WHAT YOU WILL DO: Could you give the data below again exactly, apart from the pictures?

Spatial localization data

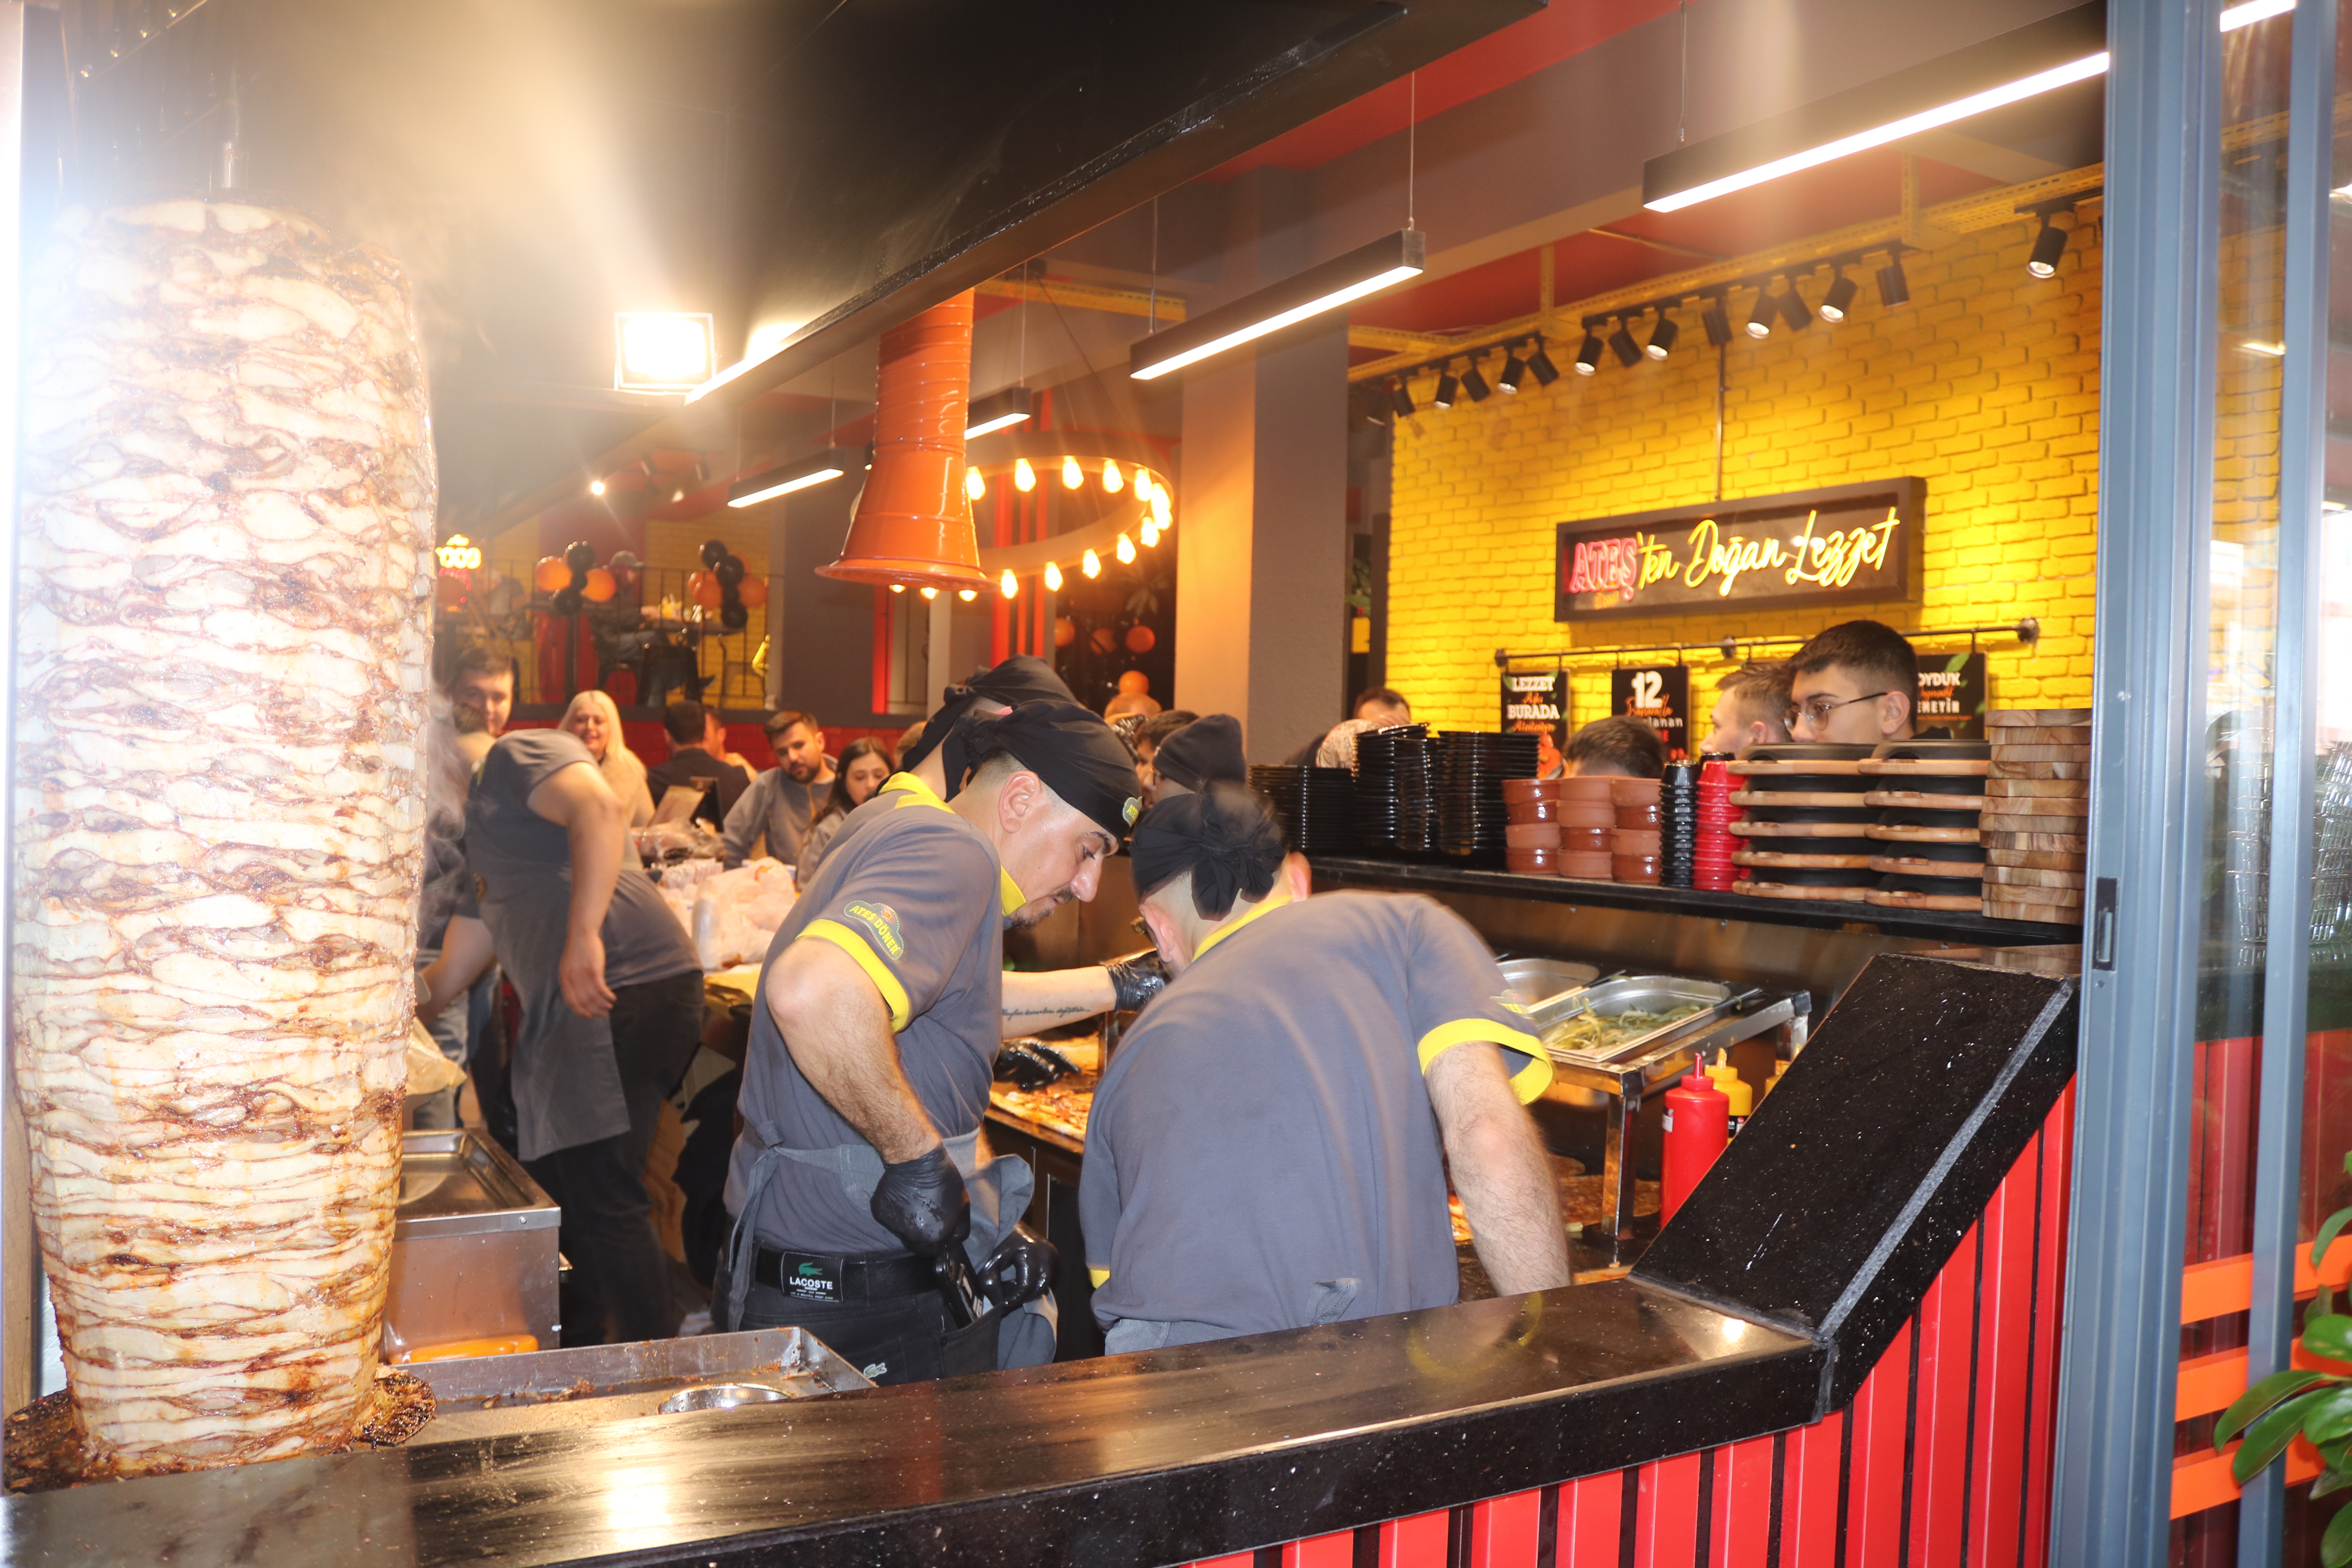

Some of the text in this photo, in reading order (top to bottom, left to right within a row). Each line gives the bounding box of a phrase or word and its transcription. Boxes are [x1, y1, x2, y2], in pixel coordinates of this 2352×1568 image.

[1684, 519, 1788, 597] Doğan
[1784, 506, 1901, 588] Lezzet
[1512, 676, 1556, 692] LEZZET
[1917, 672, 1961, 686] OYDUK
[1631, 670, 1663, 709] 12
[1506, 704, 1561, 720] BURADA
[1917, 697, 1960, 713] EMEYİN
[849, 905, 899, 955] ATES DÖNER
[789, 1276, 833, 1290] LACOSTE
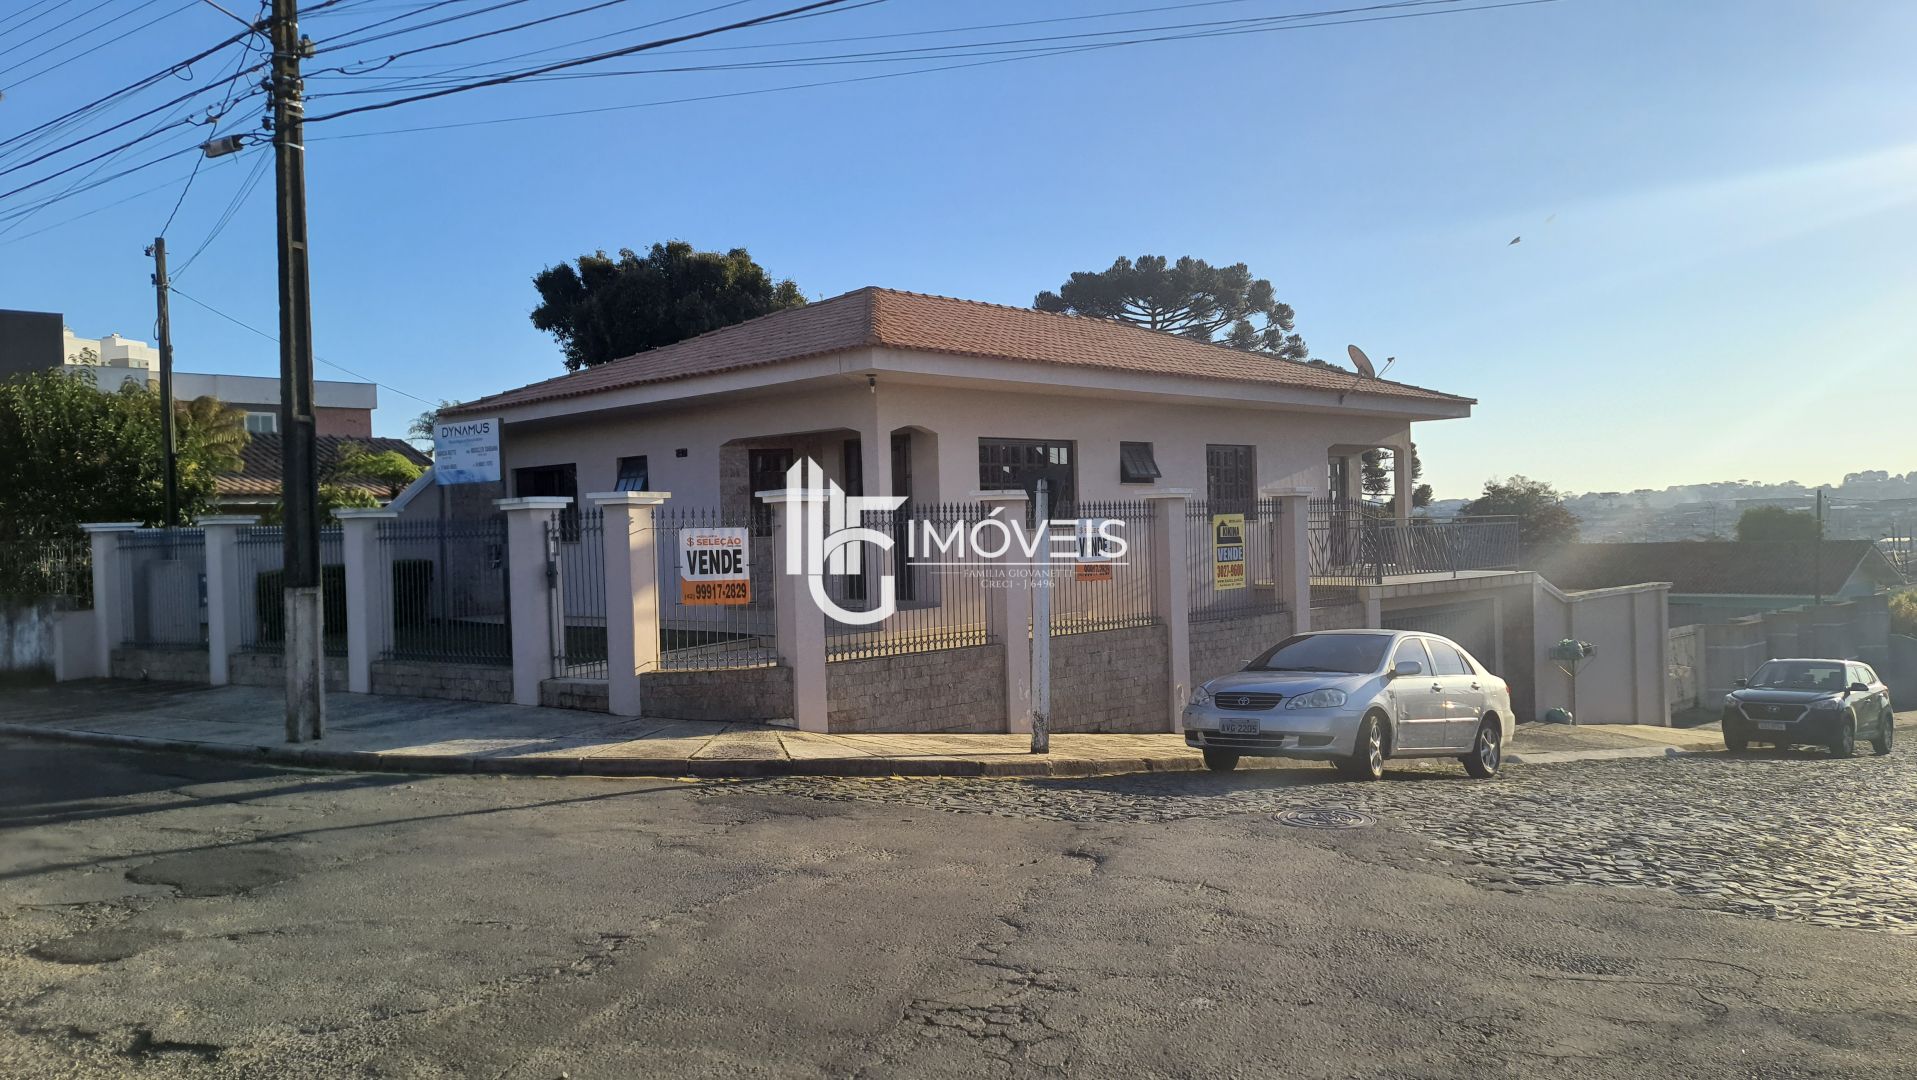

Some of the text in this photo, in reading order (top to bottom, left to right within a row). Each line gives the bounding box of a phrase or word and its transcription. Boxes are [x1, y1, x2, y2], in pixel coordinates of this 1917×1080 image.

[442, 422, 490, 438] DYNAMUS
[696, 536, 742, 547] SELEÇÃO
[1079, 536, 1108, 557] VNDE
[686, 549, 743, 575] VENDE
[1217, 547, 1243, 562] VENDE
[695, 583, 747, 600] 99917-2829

ANSWER BOX:
Some of the text in this photo, in reading order (top to bottom, left to right within a row). Each line gives the bounding box of a phrase or word and its transcription. Boxes are [x1, y1, x2, y2], in pixel coordinates of this 2352×1568 image.

[1684, 519, 1788, 597] Doğan
[1784, 506, 1901, 588] Lezzet
[1512, 676, 1556, 692] LEZZET
[1917, 672, 1961, 686] OYDUK
[1631, 670, 1663, 709] 12
[1506, 704, 1561, 720] BURADA
[1917, 697, 1960, 713] EMEYİN
[849, 905, 899, 955] ATES DÖNER
[789, 1276, 833, 1290] LACOSTE

Some of the text in this photo, in reading order (top to bottom, left to right within a row). Each line gives the bounding box of a phrase or word and its transcription. Boxes are [x1, y1, x2, y2], in pixel coordinates of this 1917×1080 image.

[442, 422, 490, 438] DYNAMUS
[696, 536, 742, 547] SELEÇÃO
[1079, 536, 1108, 557] VNDE
[686, 549, 743, 575] VENDE
[1217, 547, 1243, 562] VENDE
[695, 583, 747, 600] 99917-2829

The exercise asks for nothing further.